(Phrase grounding data)
☆ ☆ ☆ ☆

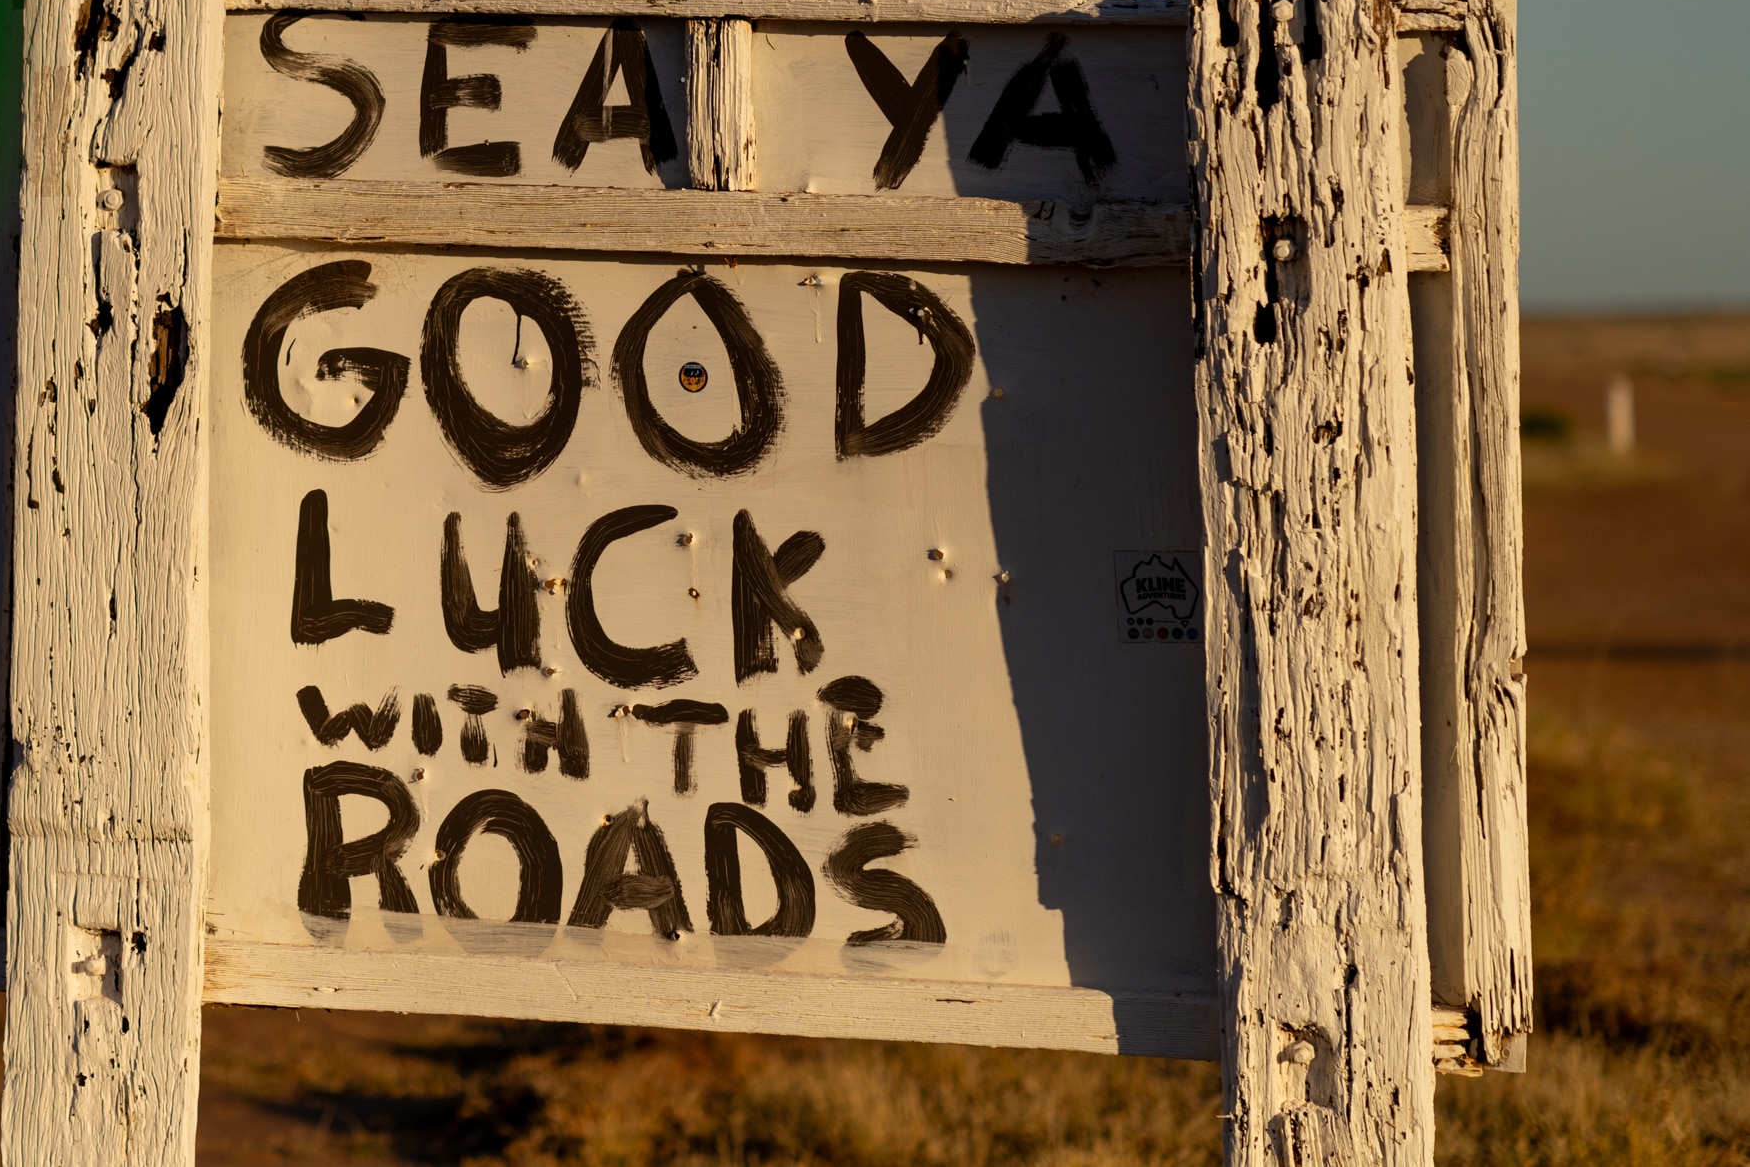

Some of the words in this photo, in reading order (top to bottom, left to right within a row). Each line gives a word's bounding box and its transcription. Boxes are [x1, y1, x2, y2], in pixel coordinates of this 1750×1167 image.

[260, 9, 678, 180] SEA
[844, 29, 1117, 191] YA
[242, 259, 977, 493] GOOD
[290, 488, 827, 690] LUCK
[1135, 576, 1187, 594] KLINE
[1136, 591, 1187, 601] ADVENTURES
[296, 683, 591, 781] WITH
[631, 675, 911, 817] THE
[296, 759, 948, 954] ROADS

☆ ☆ ☆ ☆

WORK INSTRUCTIONS: Repeat the records above exactly. No pictures go into the repeat.

WRITTEN SOLUTION:
Some of the words in this photo, in reading order (top to bottom, left to right within a row). Each line gives a word's bounding box and its transcription. Boxes are [x1, y1, x2, y2], in pixel coordinates of this 1750×1167 image.

[260, 9, 678, 180] SEA
[844, 29, 1117, 191] YA
[242, 259, 977, 493] GOOD
[290, 488, 827, 690] LUCK
[1135, 576, 1187, 594] KLINE
[1136, 591, 1187, 601] ADVENTURES
[296, 683, 591, 781] WITH
[631, 675, 911, 817] THE
[296, 759, 948, 954] ROADS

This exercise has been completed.